Page:Doitsu nikki(diary in Germany).pdf/105

このページは検証済みです

と名くる大逵の角に在りて、大首座街 Grosse Praesidenten-Strasse 第十號の第三層屋なり。室內裝飾頗美なるに、出窓 Balkon の下には大鐵盤を置き、中に花卉を植ゑ、蔦蘿之に纏ふ。書架は廉價なる故購ひ求めたる私有物なり。新に獲たる奇書を插列し、時に意に適する簡册を抽いて之を讀む。以て無聊を醫するに至る。頃日大抵六時三十分に起ち、盥漱換衣し、七時に咖啡麵包を喫し、七時三十分に門前の鐵道馬車に乘れば、八時前に佛特力街 Friedrichstrasse なる普魯士國近衞步兵第二聯隊第一及第二大隊の營に達することを得るなり。此處にて所謂給養班勤務 Revierdienst を果し、轉じてカルヽ街 Karl-strasse なる第三大隊の營に赴き、事を操ること前の如し。班務は我邦軍隊の朝診斷と稱へ來れる者に匹當す。是よりトヨツプフエル客舘に午餐す。石君とは此舘にて每日相見ることを得るなり。其他田口大學敎授も此に午餐す。午後は時々聯隊醫官キヨオレル Rudolph Koehler の國會岸 Reichstagsufer の居を訪ひて命令を受くることあり。班務は日曜日、祭日と雖、休むことなし。近著一篇 (Ueber pathogene Bacterien im Canalwasser) あり。コツホ師これをその雜誌 (Zeitschrift fuer Hygiene) に揭載せしむ。

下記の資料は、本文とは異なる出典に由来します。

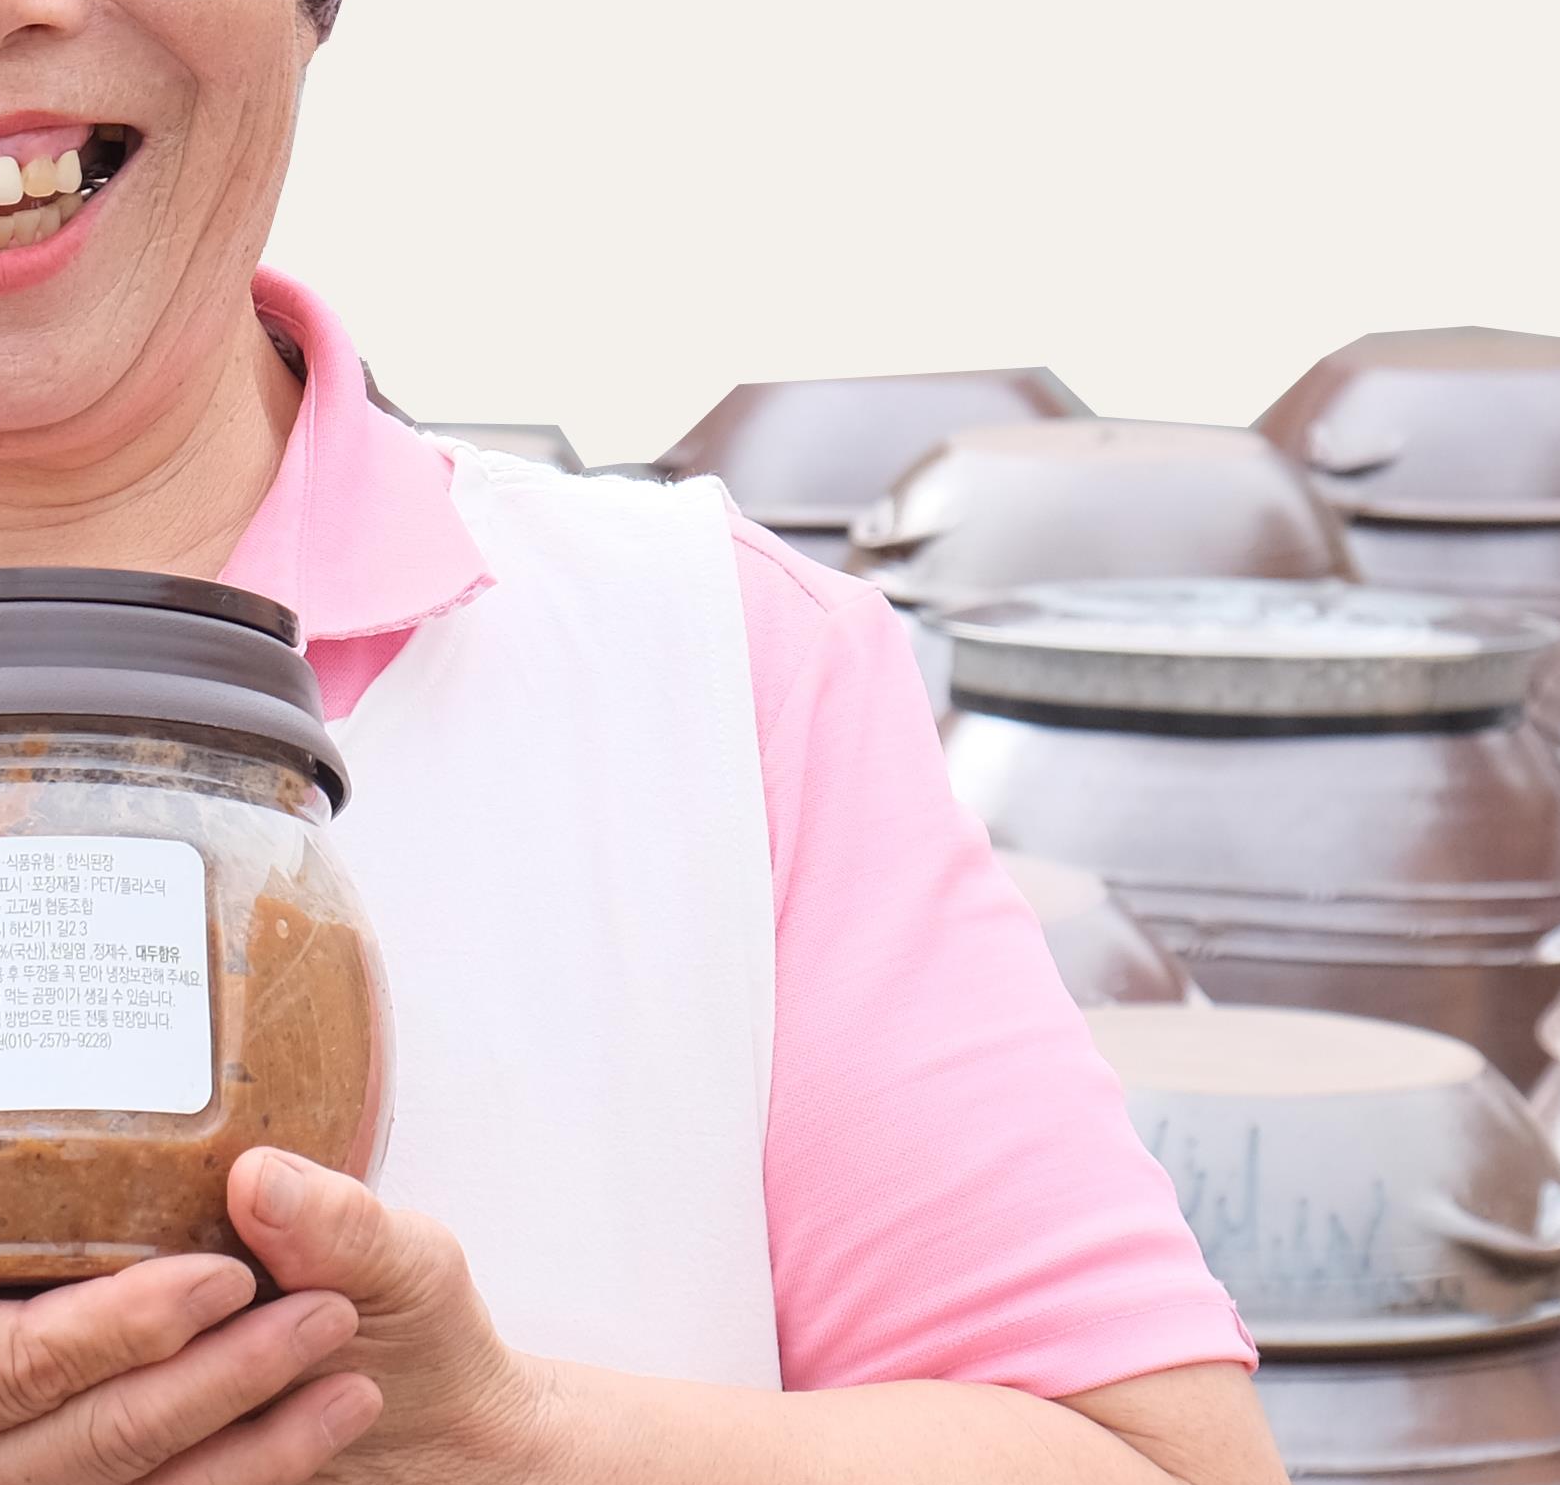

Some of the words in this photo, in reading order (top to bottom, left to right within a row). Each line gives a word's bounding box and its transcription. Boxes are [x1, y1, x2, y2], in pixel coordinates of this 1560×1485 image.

五月十四日。南方より還れる名士ヰルヒヨオ Virchow を其シエルリング街 Schellingstrasse (10) の居に訪ひ、自著日本家屋論を携へて閱を請ふ。ヰルヒヨオの還るや、國會の政友は定額規則 Etatsgesetz の闕の爲に其演說を求め、病王は英醫 Mackenzie の治を主るありと雖、猶其解屍學上の審査に待つことあり。斯くまで引く手許多なる中に、大學の講筵をば、卽時に皆開けり。是れ世の驚嘆する所なり。今白面の一書生來りて拙陋なる著作の閱を請へるに、ヰルヒヨオ乃ち喜び迓へて數刻の閑談あり、遂に稿本を留めしめ、一閱の後人類學會 Anthropologische Gesellschaft に送り、印刷せしめんと約す。實に多々益〻辨ずと謂ふ可きなり。語次三浦の新著を寄する事に及び、其篤學を稱讚す。余又曾て譯する所の雞林醫事の事を擧げて氏の意見を訽ふ。曰く。宜しく之を伯林民學舘 Ethnologisches Museum の長バスチヤン Bastian の許に齎し、去就を定むべしと。翌日舘に至り、バスチヤンを見る。東洋人種源流及宗敎の事を談ず。雞林醫事の譯稿を留めて還る。